[Phrase grounding data]
▬▬▬▬▬▬▬▬▬▬

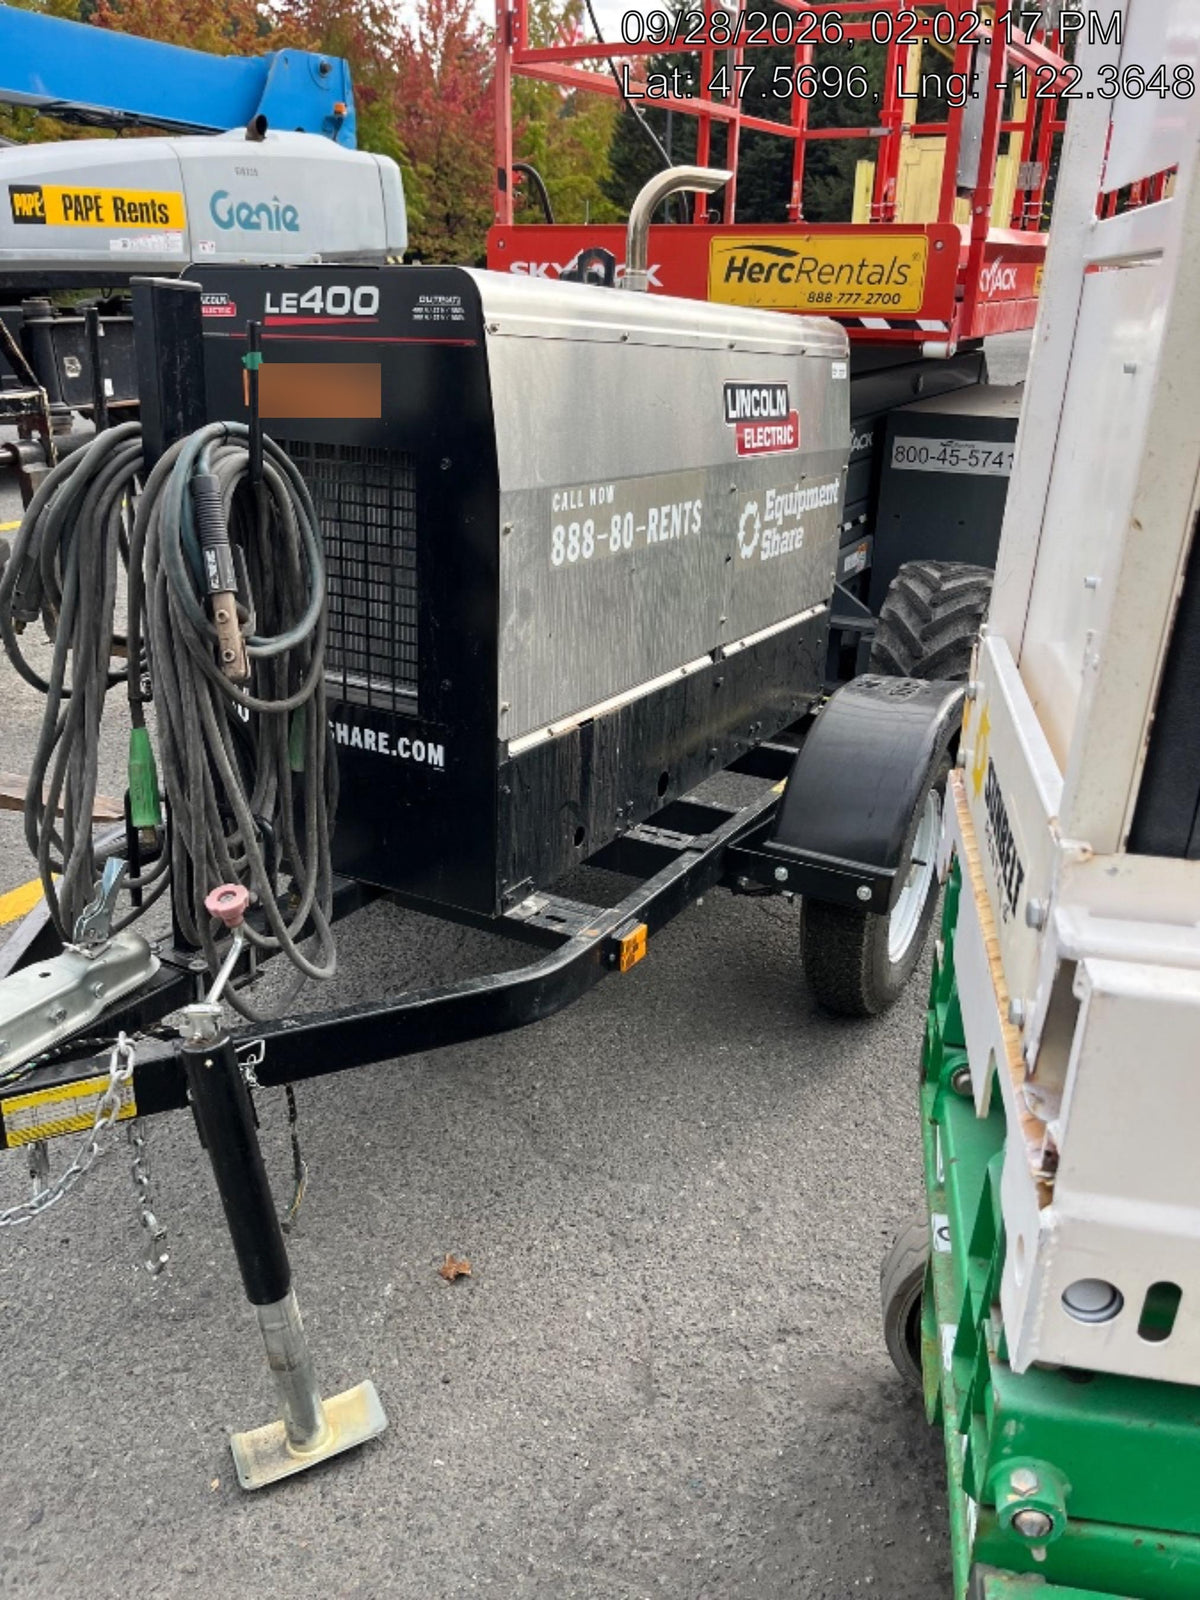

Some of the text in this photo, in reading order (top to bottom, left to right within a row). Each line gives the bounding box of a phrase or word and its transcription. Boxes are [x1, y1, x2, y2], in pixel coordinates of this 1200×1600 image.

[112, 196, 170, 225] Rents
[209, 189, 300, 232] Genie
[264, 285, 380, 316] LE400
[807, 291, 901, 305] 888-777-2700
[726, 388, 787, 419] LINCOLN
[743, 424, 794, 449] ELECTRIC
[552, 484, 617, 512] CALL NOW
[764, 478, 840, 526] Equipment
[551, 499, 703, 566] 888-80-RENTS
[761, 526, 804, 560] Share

▬▬▬▬▬▬▬▬▬▬

▶ [What is being asked]:
Each record must be repeated exactly, and no picture may be carried over.

▶ [Response]:
Some of the text in this photo, in reading order (top to bottom, left to right within a row). Each line gives the bounding box of a phrase or word and its transcription. Boxes are [x1, y1, x2, y2], in pixel coordinates of this 1200×1600 image.

[112, 196, 170, 225] Rents
[209, 189, 300, 232] Genie
[264, 285, 380, 316] LE400
[807, 291, 901, 305] 888-777-2700
[726, 388, 787, 419] LINCOLN
[743, 424, 794, 449] ELECTRIC
[552, 484, 617, 512] CALL NOW
[764, 478, 840, 526] Equipment
[551, 499, 703, 566] 888-80-RENTS
[761, 526, 804, 560] Share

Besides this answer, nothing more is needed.